Но я снова отвлёкся. Хотя и не очень, да. Так вот, что я хотел сказать: с некоторого времени Егоровым своего убойного киндера под землёй мало стало, и они начали Натку в Ильи выгуливать.

“Подросла, значить”.

– Да-да, мон шер. Хеат атэк словно...

– Всё: перехожу непосредственно к ф’акту.

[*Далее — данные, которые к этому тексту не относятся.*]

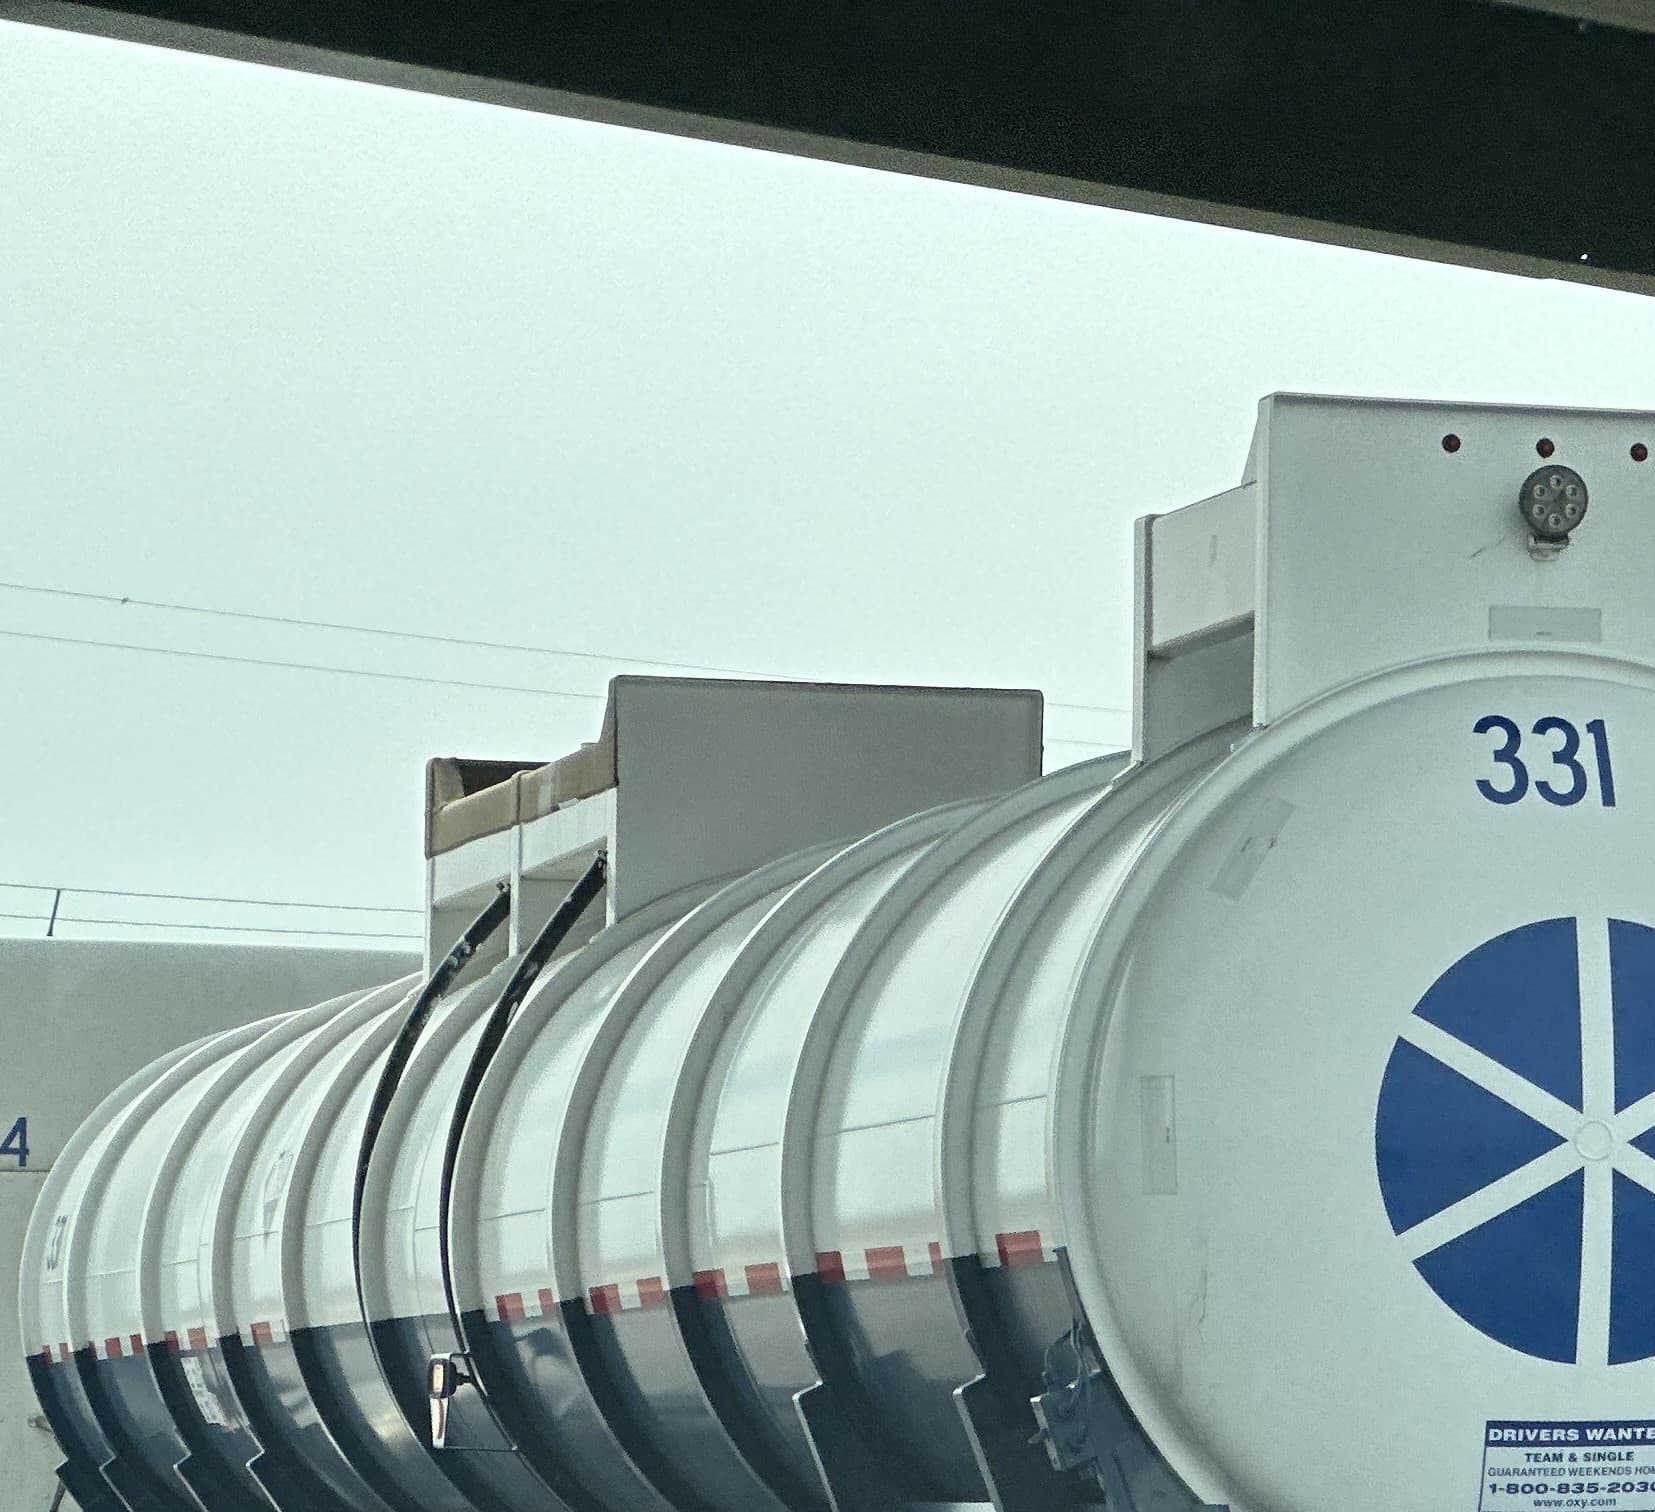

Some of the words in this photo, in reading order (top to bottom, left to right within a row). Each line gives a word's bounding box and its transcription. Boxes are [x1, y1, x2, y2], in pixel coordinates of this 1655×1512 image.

[1472, 714, 1616, 807] 331
[1488, 1428, 1580, 1441] DRIVERS
[1524, 1452, 1564, 1463] TEAM
[1568, 1452, 1578, 1463] &
[1583, 1451, 1635, 1462] SINGLE
[1487, 1467, 1566, 1477] GUARANTEED
[1567, 1466, 1633, 1477] WEEKENDS
[1533, 1498, 1617, 1509] www.oxy.com

..: Закинулся я как-то раз в том году в Ильи – на выходные, как обычно. Стал у себя по старой памяти в Жване – да видно, уже в последний раз. Надоело мне там стоять – слишком далеко. Ходишь, ходишь весь день по гостям, натрескаешься разного, как свинья,– а как до грота доползёшь, снова трезв. Как стёклышко.

: Действительно, свинство. Да.

Или наоборот – набегаешься по Системе, песен наорёшься, наобщаешься вдоволь – выдохнешься, как собака, получив от жизни полное удовольствие – и тут самый праздник, который всегда с тобой: ползи семь вёрст без малого нецензурного шкуродёрами до собственного спальника... Тоже не самый остроумный вариант – согласен, да.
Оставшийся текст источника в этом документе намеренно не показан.